Abstract from the paper

We report a method to convert discrete representations of molecules to and from a multidimensional continuous representation. This generative model allows efficient search and optimization through open-ended spaces of chemical compounds.

We train deep neural networks on hundreds of thousands of existing chemical structures to construct two coupled functions: an encoder and a decoder. The encoder converts the discrete representation of a molecule into a real-valued continuous vector, and the decoder converts these continuous vectors back to the discrete representation from this latent space.

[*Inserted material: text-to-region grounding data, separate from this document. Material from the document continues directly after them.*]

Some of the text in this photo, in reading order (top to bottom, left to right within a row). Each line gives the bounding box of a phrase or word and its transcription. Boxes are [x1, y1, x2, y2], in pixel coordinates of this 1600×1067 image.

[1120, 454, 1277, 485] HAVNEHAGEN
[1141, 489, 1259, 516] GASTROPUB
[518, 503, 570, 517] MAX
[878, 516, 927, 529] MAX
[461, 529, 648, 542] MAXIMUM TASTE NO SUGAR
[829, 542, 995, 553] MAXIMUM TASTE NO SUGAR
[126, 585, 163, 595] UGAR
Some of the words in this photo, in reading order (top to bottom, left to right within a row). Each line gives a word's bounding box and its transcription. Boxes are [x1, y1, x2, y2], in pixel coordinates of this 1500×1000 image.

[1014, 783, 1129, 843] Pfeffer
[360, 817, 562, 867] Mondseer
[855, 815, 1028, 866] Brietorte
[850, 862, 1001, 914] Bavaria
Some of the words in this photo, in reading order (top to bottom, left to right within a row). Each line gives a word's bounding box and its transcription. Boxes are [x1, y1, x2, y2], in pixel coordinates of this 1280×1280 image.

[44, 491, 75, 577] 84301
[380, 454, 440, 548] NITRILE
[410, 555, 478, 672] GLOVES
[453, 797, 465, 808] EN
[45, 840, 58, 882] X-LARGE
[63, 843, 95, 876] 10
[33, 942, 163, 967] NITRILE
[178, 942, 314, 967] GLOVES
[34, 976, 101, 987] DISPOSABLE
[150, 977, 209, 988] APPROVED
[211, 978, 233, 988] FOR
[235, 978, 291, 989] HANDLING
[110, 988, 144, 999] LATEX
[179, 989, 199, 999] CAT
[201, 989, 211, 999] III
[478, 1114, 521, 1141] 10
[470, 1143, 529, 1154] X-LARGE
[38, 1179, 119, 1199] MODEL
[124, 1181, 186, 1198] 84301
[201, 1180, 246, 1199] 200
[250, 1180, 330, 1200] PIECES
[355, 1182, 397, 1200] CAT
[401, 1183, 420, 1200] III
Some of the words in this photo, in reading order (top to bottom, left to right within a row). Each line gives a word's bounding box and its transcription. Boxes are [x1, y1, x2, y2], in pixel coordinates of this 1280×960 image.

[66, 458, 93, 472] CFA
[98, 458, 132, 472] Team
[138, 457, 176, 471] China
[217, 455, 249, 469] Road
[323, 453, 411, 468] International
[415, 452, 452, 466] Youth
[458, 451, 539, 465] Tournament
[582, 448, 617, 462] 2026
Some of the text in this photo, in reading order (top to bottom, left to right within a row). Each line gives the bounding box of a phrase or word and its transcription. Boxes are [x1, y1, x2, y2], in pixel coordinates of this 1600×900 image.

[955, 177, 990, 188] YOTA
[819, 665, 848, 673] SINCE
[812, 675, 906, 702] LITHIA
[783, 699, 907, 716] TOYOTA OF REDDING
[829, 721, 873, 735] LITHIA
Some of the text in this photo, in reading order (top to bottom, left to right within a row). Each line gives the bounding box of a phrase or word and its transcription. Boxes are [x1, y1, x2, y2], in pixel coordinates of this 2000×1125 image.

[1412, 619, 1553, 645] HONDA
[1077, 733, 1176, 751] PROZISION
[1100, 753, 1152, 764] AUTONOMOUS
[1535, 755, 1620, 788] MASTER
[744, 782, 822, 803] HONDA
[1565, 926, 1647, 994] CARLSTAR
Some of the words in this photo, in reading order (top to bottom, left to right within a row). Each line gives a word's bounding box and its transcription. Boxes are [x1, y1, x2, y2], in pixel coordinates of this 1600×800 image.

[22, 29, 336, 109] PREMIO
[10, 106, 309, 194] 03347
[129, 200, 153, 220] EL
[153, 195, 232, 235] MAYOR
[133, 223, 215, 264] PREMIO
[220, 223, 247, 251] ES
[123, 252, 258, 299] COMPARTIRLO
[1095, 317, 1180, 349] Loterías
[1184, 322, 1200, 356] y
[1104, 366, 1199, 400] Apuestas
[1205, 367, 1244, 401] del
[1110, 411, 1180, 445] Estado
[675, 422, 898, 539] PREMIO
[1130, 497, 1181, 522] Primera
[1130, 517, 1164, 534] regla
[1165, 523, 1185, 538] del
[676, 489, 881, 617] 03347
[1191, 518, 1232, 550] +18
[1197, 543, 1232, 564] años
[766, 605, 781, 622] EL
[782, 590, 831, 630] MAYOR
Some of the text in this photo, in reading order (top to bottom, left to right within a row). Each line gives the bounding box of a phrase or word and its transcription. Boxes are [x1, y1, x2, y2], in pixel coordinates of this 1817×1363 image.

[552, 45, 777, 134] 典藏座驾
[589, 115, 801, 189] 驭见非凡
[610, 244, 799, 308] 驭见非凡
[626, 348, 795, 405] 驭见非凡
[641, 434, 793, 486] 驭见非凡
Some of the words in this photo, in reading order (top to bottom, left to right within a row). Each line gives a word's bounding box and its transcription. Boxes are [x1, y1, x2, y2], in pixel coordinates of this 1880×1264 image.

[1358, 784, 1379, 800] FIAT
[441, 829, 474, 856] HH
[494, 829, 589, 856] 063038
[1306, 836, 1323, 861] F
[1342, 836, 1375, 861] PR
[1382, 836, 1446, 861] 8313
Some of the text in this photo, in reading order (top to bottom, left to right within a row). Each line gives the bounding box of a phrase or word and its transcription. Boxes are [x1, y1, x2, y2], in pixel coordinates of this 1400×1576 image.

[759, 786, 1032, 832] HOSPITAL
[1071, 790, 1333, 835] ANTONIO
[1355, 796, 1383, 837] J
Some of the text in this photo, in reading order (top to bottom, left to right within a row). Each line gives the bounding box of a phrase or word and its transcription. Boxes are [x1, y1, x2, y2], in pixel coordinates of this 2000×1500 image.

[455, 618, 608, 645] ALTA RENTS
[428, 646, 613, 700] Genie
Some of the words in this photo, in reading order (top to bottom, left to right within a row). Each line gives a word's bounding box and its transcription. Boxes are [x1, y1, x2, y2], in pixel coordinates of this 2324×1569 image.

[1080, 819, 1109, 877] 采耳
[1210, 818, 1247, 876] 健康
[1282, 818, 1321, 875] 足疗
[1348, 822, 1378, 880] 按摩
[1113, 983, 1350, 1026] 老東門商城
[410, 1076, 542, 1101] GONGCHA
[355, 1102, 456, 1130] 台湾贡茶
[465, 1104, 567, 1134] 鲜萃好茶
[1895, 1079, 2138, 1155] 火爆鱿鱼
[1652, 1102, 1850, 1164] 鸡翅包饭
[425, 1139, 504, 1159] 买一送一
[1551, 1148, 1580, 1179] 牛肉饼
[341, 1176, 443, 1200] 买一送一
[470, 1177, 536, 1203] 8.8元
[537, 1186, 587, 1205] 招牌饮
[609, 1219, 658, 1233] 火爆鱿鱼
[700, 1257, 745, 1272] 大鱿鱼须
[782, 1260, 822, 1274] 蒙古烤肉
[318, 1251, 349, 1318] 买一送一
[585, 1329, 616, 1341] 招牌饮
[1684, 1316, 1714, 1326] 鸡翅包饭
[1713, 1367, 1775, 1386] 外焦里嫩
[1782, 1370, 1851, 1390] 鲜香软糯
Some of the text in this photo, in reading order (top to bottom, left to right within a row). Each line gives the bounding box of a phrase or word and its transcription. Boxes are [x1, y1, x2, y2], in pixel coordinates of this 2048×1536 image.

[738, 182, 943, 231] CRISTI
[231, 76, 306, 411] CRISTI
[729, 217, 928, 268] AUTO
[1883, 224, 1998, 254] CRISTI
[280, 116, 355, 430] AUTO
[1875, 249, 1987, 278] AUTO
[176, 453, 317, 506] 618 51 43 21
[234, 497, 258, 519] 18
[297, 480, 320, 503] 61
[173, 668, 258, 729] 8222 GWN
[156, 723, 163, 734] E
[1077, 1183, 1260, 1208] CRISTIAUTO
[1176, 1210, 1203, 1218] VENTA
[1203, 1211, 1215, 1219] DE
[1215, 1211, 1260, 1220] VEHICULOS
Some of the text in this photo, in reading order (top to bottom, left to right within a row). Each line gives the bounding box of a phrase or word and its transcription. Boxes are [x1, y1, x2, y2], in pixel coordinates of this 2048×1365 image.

Continuous representations allow us to automatically generate novel chemical structures by performing simple operations in the latent space, such as decoding random vectors, perturbing known chemical structures, or interpolating between molecules. Continuous representations also allow the use of powerful gradient-based optimization to efficiently guide the search for optimized functional compounds. We demonstrate our method in the design of drug-like molecules as well as organic light-emitting diodes.

Link to the paper
arXiv

Requirements

Install using pip install -r requirements.txt

Preparing the data

To train the network you need a lot of SMILES strings. The preprocess.py script assumes you have an HDF5 file that contains a table structure, one column of which is named structure and contains one SMILES string no longer than 120 characters per row. The script then:

  • Normalizes the length of each string to 120 by appending whitespace as needed.
  • Builds a list of the unique characters used in the dataset. (The "charset")
  • Substitutes each character in each SMILES string with the integer ID of its location in the charset.
  • Converts each character position to a one-hot vector of len(charset).
  • Saves this matrix to the specified output file.

Example:

python preprocess.py data/dataset.h5 data/processed.h5

Training the network

The preprocessed data can be fed into the train.py script:

python train.py data/processed.h5 model.h5 --epochs 20

If a model file already exists it will be opened and resumed. If it doesn't exist, it will be created. By default, the latent space is 292-D per the paper, and is configurable with the --latent_dim flag. If you use a non-default latent dimensionality don't forget to use --latent_dim on the other scripts (eg sample.py) when you operate on that model checkpoint file or it will be confused.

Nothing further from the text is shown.